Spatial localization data
☆ ☆ ☆ ☆ ☆ ☆ ☆

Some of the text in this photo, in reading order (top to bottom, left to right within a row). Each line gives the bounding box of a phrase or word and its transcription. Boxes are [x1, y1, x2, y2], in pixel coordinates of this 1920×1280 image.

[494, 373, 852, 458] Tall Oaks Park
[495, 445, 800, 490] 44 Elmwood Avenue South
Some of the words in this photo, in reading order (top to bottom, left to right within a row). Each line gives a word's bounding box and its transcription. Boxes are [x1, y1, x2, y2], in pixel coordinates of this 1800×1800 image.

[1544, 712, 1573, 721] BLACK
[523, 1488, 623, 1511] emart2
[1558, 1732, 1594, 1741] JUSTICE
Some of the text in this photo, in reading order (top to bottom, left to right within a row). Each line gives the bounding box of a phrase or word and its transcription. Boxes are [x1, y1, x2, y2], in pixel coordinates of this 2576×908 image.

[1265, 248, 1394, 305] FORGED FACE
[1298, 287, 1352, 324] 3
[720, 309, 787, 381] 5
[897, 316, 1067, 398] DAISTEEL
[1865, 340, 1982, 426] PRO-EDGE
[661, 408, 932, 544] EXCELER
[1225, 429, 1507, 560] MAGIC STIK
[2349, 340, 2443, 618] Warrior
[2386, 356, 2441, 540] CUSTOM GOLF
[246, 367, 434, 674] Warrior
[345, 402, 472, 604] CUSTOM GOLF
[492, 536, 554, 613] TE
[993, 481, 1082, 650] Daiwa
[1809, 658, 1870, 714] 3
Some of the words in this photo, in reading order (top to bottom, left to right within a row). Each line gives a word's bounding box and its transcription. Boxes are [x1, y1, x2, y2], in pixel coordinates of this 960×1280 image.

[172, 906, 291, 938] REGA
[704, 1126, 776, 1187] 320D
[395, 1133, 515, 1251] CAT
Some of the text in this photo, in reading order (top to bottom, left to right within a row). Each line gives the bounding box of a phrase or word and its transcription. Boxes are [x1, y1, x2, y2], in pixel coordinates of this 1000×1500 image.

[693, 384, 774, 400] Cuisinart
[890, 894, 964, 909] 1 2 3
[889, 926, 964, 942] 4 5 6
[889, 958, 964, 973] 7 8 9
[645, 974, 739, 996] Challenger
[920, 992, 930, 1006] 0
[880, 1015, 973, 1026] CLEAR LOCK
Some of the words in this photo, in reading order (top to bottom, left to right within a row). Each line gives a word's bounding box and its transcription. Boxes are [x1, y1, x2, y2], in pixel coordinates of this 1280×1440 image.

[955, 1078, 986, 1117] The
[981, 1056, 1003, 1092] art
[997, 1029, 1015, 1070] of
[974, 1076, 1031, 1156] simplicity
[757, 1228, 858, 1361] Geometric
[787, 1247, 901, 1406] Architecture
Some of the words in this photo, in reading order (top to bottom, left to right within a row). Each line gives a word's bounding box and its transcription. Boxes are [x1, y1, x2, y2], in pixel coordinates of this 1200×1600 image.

☆ ☆ ☆ ☆ ☆ ☆ ☆

What to work on:
Please copy out every entry word for word.

Solved problem:
Some of the text in this photo, in reading order (top to bottom, left to right within a row). Each line gives the bounding box of a phrase or word and its transcription. Boxes are [x1, y1, x2, y2], in pixel coordinates of this 1920×1280 image.

[494, 373, 852, 458] Tall Oaks Park
[495, 445, 800, 490] 44 Elmwood Avenue South
Some of the words in this photo, in reading order (top to bottom, left to right within a row). Each line gives a word's bounding box and its transcription. Boxes are [x1, y1, x2, y2], in pixel coordinates of this 1800×1800 image.

[1544, 712, 1573, 721] BLACK
[523, 1488, 623, 1511] emart2
[1558, 1732, 1594, 1741] JUSTICE
Some of the text in this photo, in reading order (top to bottom, left to right within a row). Each line gives the bounding box of a phrase or word and its transcription. Boxes are [x1, y1, x2, y2], in pixel coordinates of this 2576×908 image.

[1265, 248, 1394, 305] FORGED FACE
[1298, 287, 1352, 324] 3
[720, 309, 787, 381] 5
[897, 316, 1067, 398] DAISTEEL
[1865, 340, 1982, 426] PRO-EDGE
[661, 408, 932, 544] EXCELER
[1225, 429, 1507, 560] MAGIC STIK
[2349, 340, 2443, 618] Warrior
[2386, 356, 2441, 540] CUSTOM GOLF
[246, 367, 434, 674] Warrior
[345, 402, 472, 604] CUSTOM GOLF
[492, 536, 554, 613] TE
[993, 481, 1082, 650] Daiwa
[1809, 658, 1870, 714] 3
Some of the words in this photo, in reading order (top to bottom, left to right within a row). Each line gives a word's bounding box and its transcription. Boxes are [x1, y1, x2, y2], in pixel coordinates of this 960×1280 image.

[172, 906, 291, 938] REGA
[704, 1126, 776, 1187] 320D
[395, 1133, 515, 1251] CAT
Some of the text in this photo, in reading order (top to bottom, left to right within a row). Each line gives the bounding box of a phrase or word and its transcription. Boxes are [x1, y1, x2, y2], in pixel coordinates of this 1000×1500 image.

[693, 384, 774, 400] Cuisinart
[890, 894, 964, 909] 1 2 3
[889, 926, 964, 942] 4 5 6
[889, 958, 964, 973] 7 8 9
[645, 974, 739, 996] Challenger
[920, 992, 930, 1006] 0
[880, 1015, 973, 1026] CLEAR LOCK
Some of the words in this photo, in reading order (top to bottom, left to right within a row). Each line gives a word's bounding box and its transcription. Boxes are [x1, y1, x2, y2], in pixel coordinates of this 1280×1440 image.

[955, 1078, 986, 1117] The
[981, 1056, 1003, 1092] art
[997, 1029, 1015, 1070] of
[974, 1076, 1031, 1156] simplicity
[757, 1228, 858, 1361] Geometric
[787, 1247, 901, 1406] Architecture
Some of the words in this photo, in reading order (top to bottom, left to right within a row). Each line gives a word's bounding box and its transcription. Boxes are [x1, y1, x2, y2], in pixel coordinates of this 1200×1600 image.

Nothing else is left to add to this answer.